Methods: 70% partial hepatectomy (PHx) was performed on wildtype(WT) and ZNF219 knockout(ZNF219-/-) mice. Liver regeneration and injury were analyzed after PHx. AML12 cells, primary mouse hepatocytes and natural killer(NK) cells were used to explore underlying mechanisms.
Findings: ZNF219 removal markedly impaired liver regeneration. Increased infiltrated conventional natural killer cells(cNKs) and IFNγ-producing natural killer cells were detected in liver tissues of ZNF219-/- mice post-operation. Mechanistically, ZNF219 regulated natural killer cells via epigenetically repressing C-C motif chemokine ligand 5(CCL5) expression in hepatocytes through collaborating with lysine-specific demethylase1(LSD1).

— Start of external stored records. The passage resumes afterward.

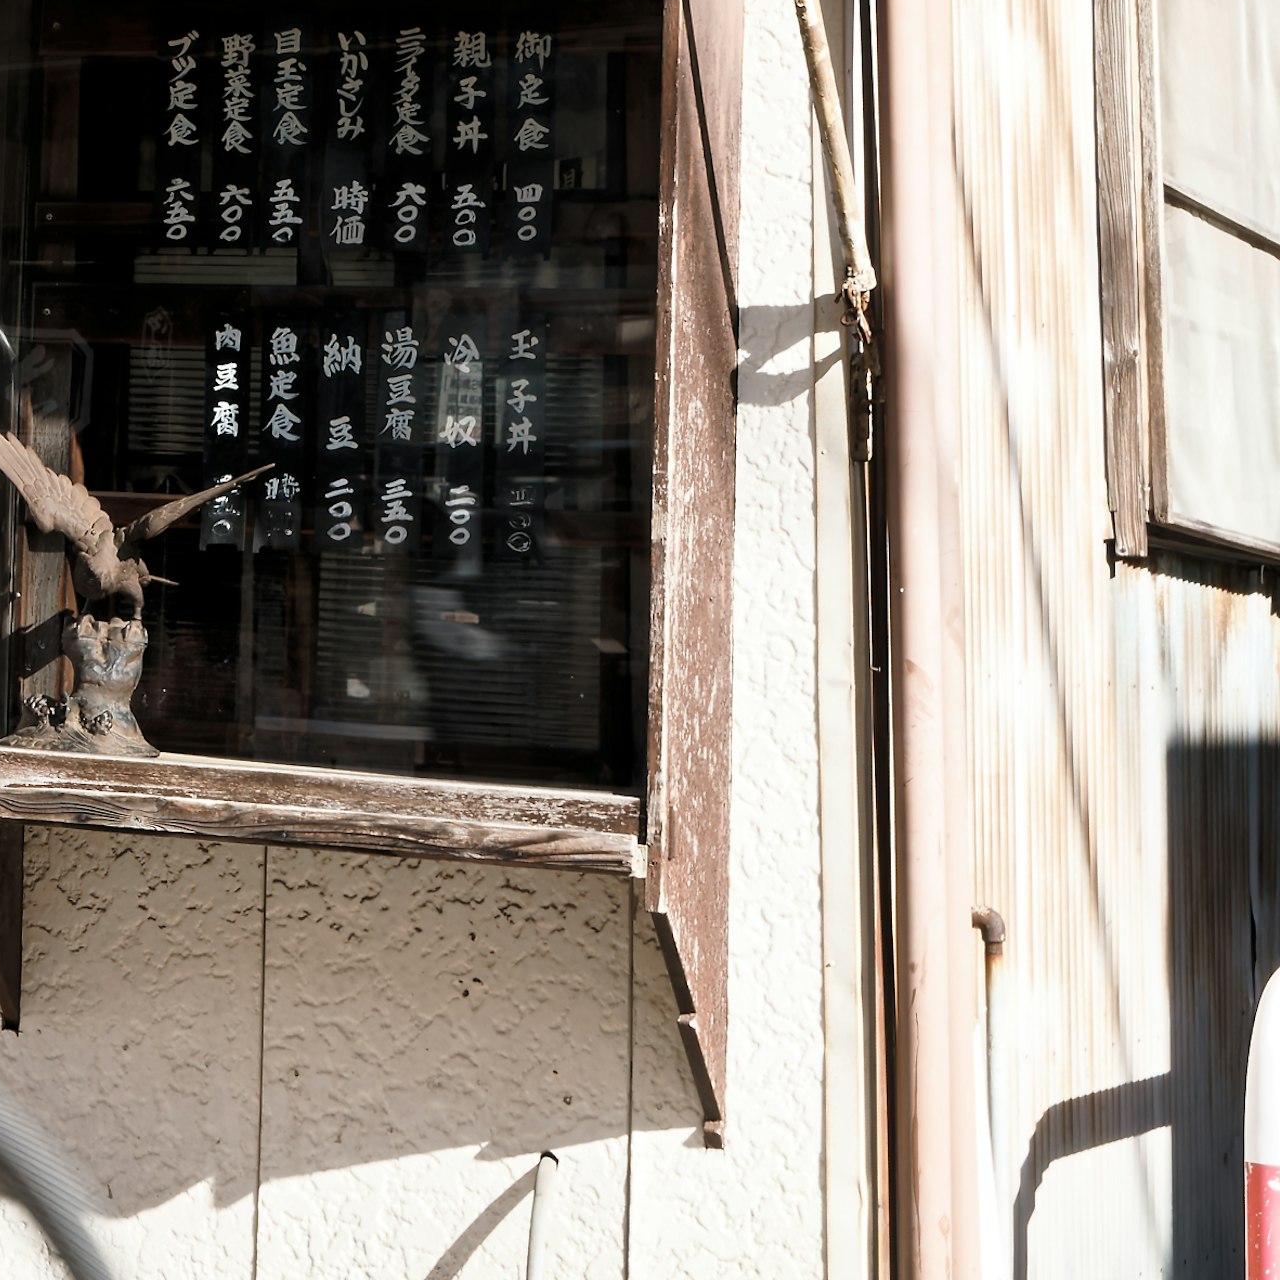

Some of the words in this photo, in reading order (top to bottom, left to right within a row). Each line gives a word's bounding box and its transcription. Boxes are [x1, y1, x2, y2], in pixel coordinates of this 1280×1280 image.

[163, 30, 199, 146] ブツ定食
[221, 33, 256, 154] 野菜定食
[272, 28, 308, 145] 目玉定食
[337, 31, 368, 141] いかさしみ
[453, 31, 491, 154] 親子丼
[514, 31, 552, 152] 御定食
[329, 179, 369, 245] 時価
[210, 322, 242, 438] 肉豆腐
[262, 326, 302, 441] 魚定食
[323, 333, 362, 450] 納豆
[380, 326, 420, 441] 湯豆腐
[438, 333, 482, 449] 冷奴
[506, 328, 540, 455] 玉子丼
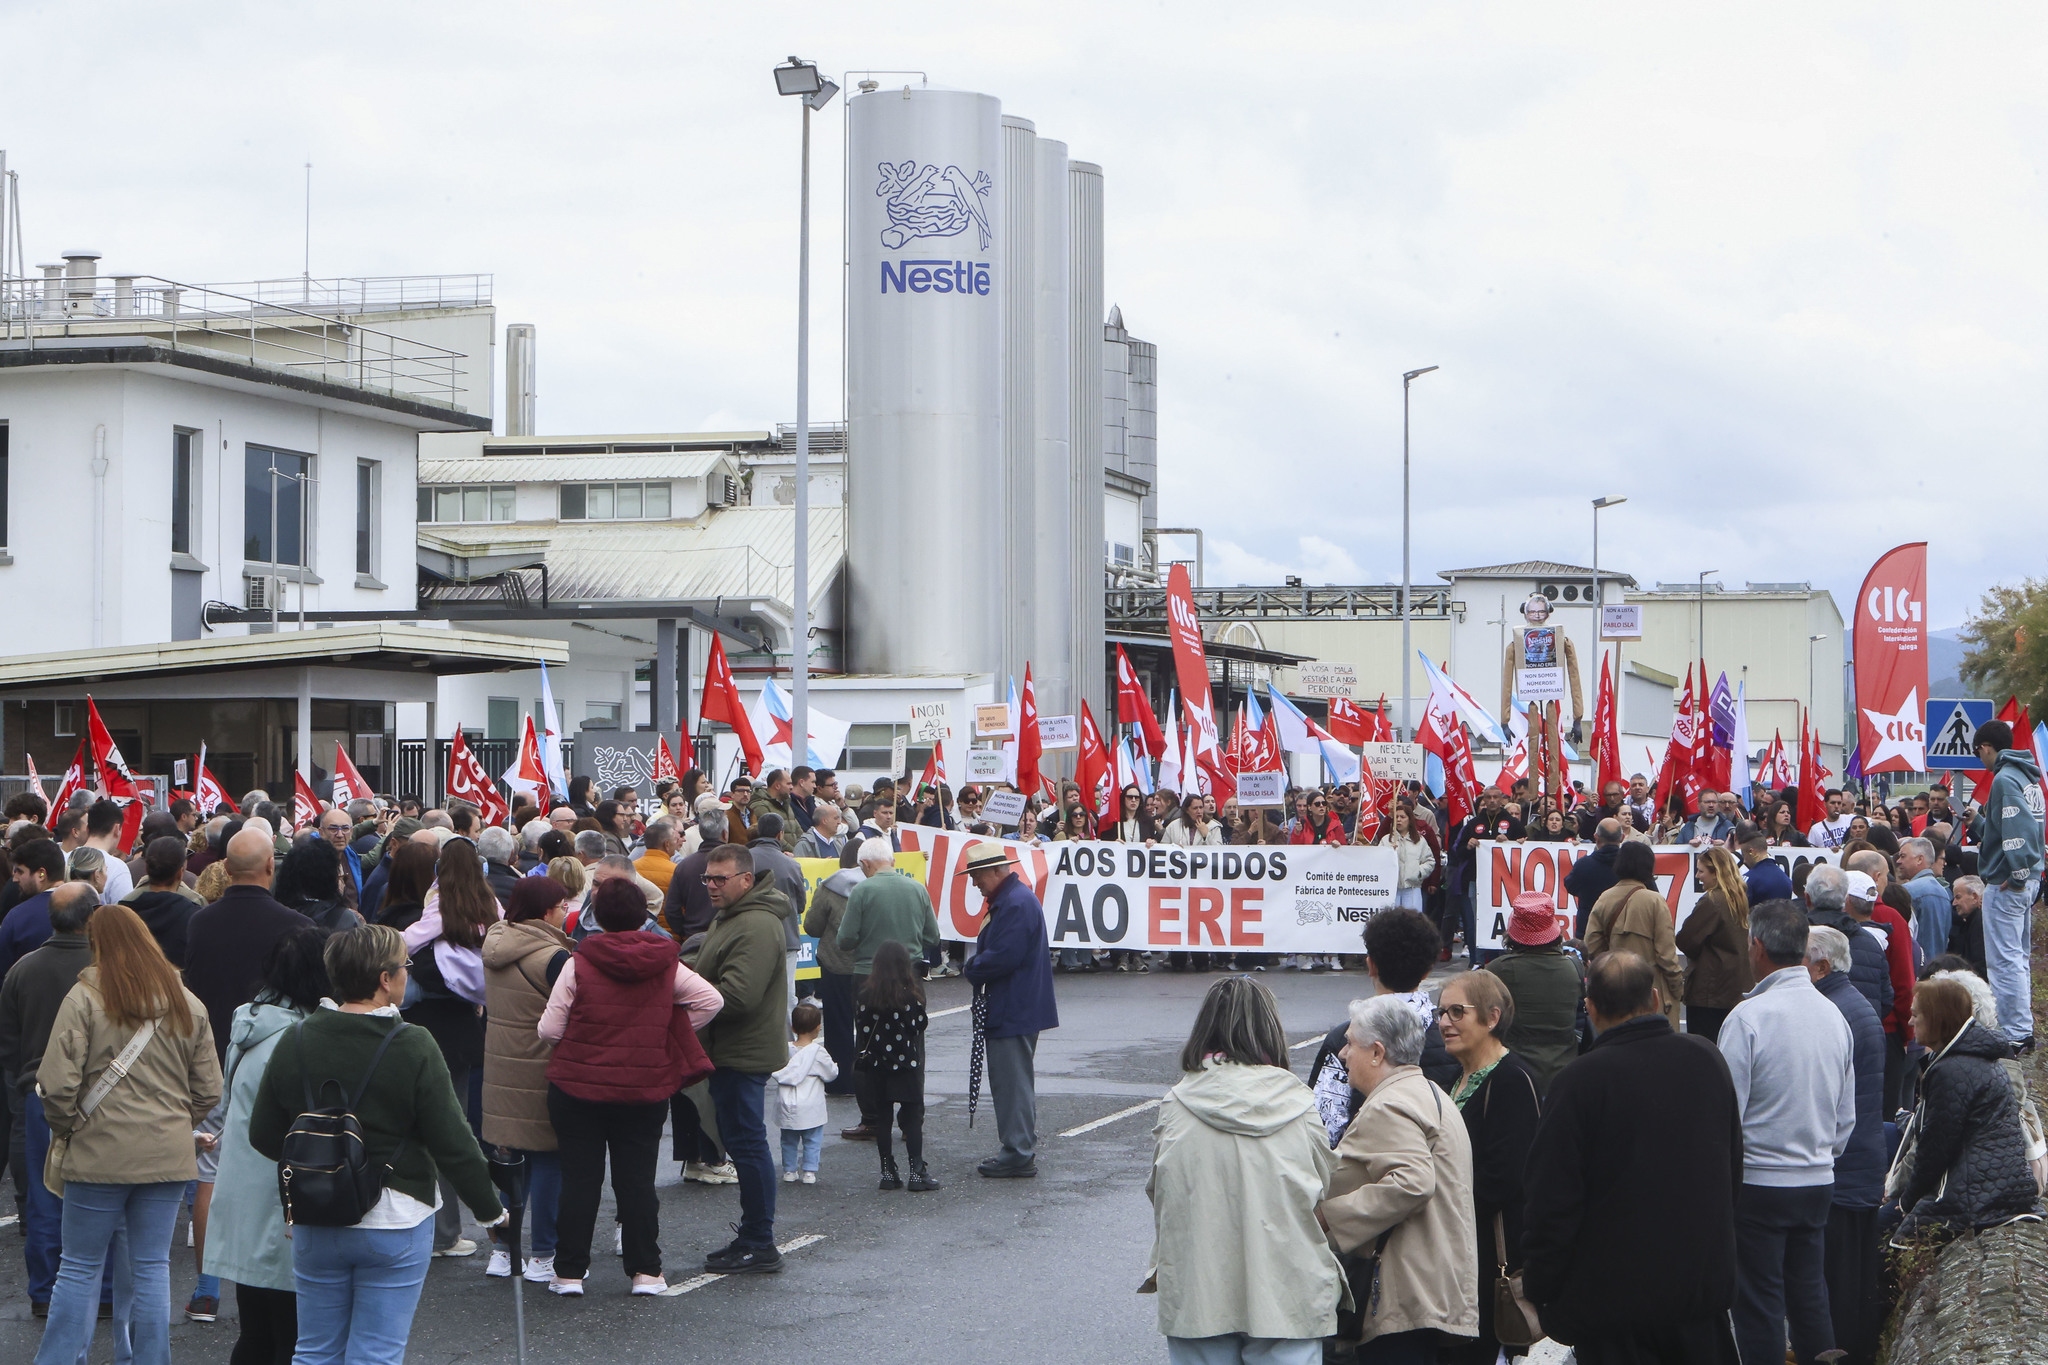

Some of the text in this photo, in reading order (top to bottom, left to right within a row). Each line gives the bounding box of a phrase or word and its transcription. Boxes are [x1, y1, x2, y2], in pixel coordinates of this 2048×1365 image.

Neutralizing CCL5 abolished the infiltration and activation of natural killer cells. Furthermore, ZNF219 promotes cell cycle progression of hepatocyte post-operation. Interfering with ZNF219 resulted in downregulation of multiple genes involved in cell cycle and DNA replication in AML12 cells. One direct target of ZNF219 in regulating hepatocyte proliferation was Ki67, facilitating the recruitment of specificity protein 1(SP1) via interaction occurring downstream of ZNF219 in this process.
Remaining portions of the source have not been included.